Could you print the listing again exactly, omitting the pictures?

Start of Block

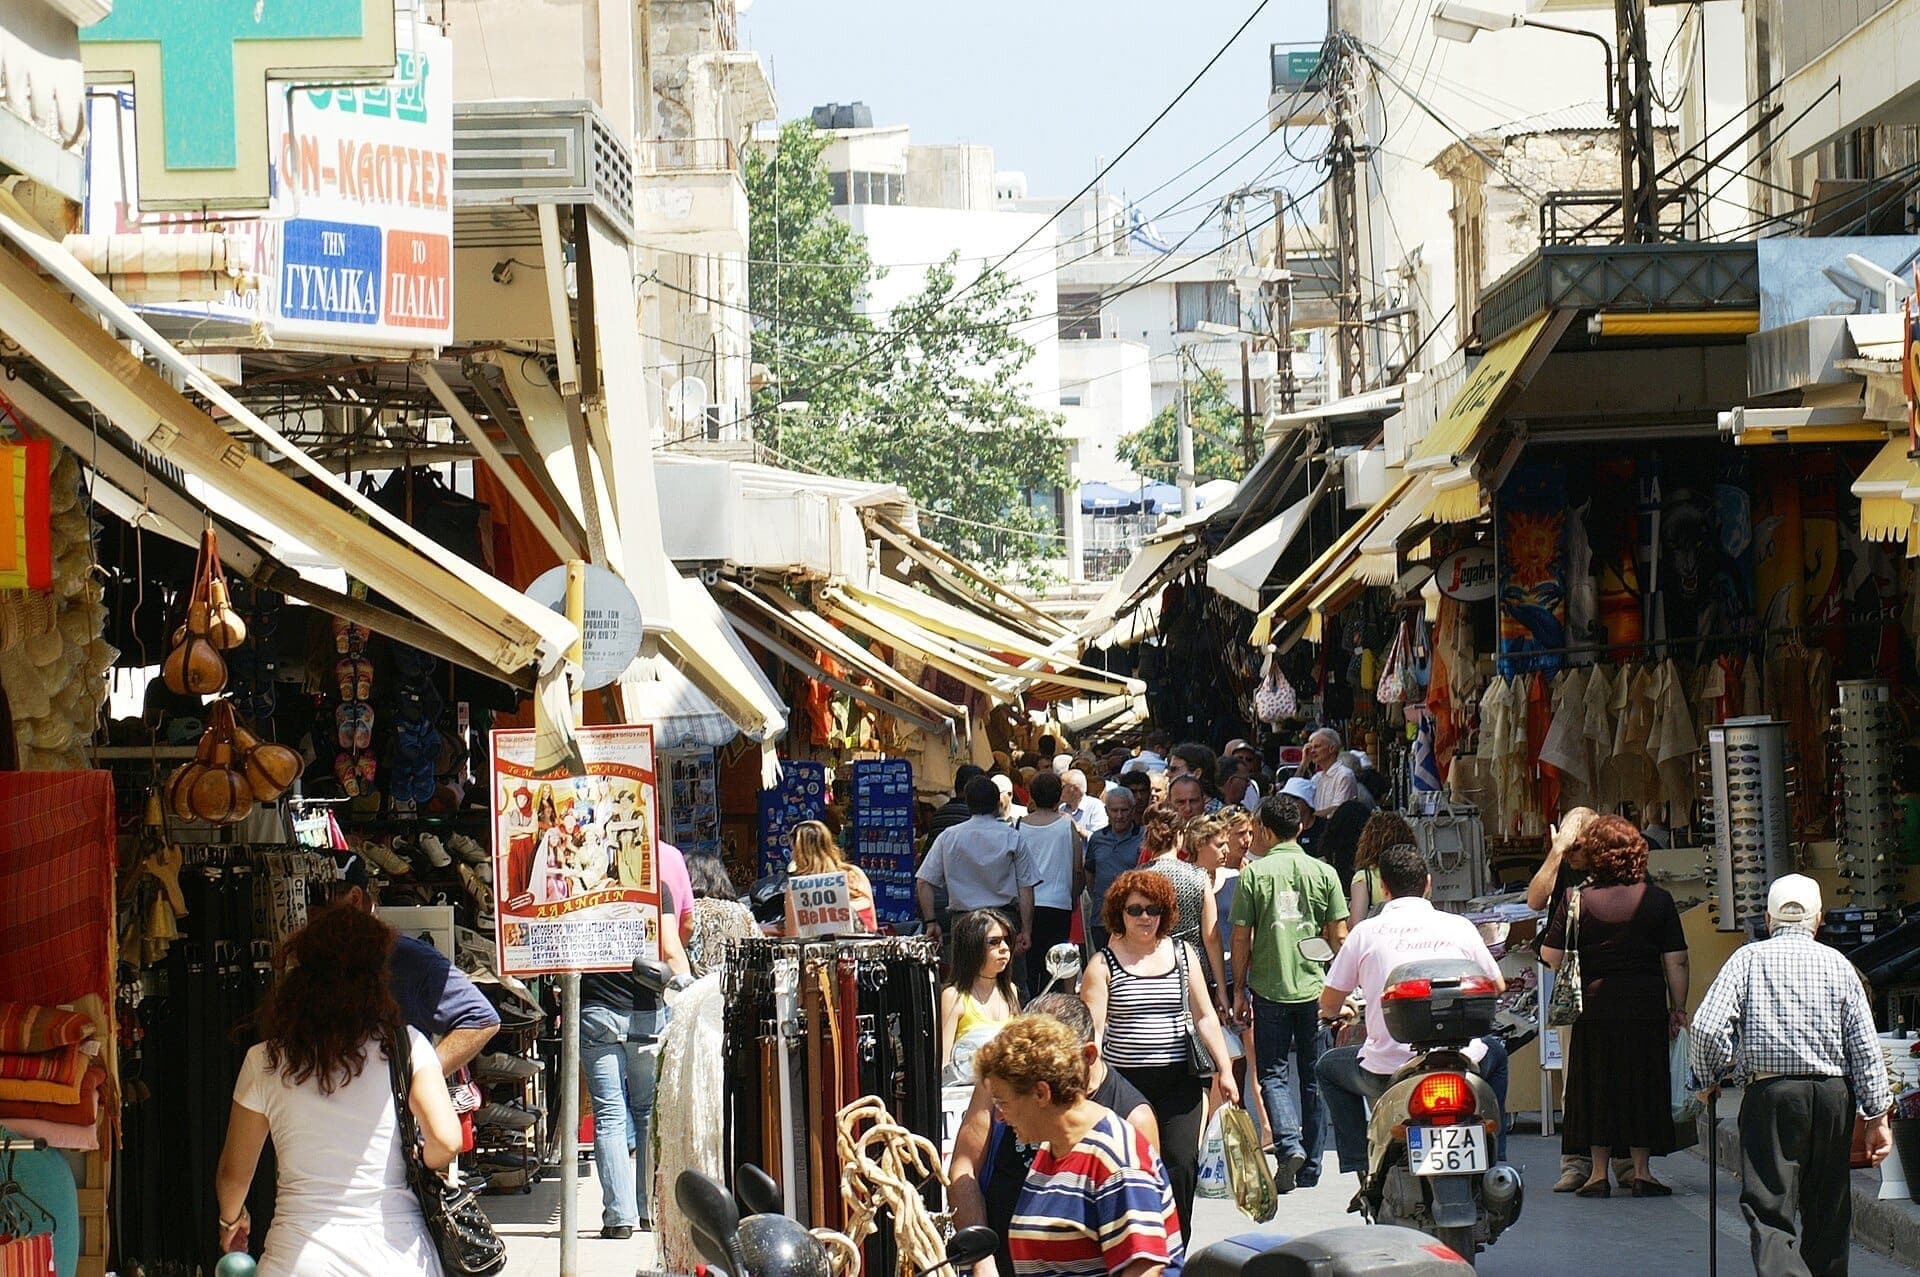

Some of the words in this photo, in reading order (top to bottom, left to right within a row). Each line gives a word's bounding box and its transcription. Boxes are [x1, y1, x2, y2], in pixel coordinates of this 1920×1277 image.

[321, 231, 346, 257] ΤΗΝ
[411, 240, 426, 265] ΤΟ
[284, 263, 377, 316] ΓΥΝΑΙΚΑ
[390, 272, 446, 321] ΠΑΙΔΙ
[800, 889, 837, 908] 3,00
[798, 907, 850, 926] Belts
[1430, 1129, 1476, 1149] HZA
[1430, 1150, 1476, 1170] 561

End of Block

### YOUR RESPONSE
Some of the words in this photo, in reading order (top to bottom, left to right within a row). Each line gives a word's bounding box and its transcription. Boxes are [x1, y1, x2, y2], in pixel coordinates of this 1920×1277 image.

[321, 231, 346, 257] ΤΗΝ
[411, 240, 426, 265] ΤΟ
[284, 263, 377, 316] ΓΥΝΑΙΚΑ
[390, 272, 446, 321] ΠΑΙΔΙ
[800, 889, 837, 908] 3,00
[798, 907, 850, 926] Belts
[1430, 1129, 1476, 1149] HZA
[1430, 1150, 1476, 1170] 561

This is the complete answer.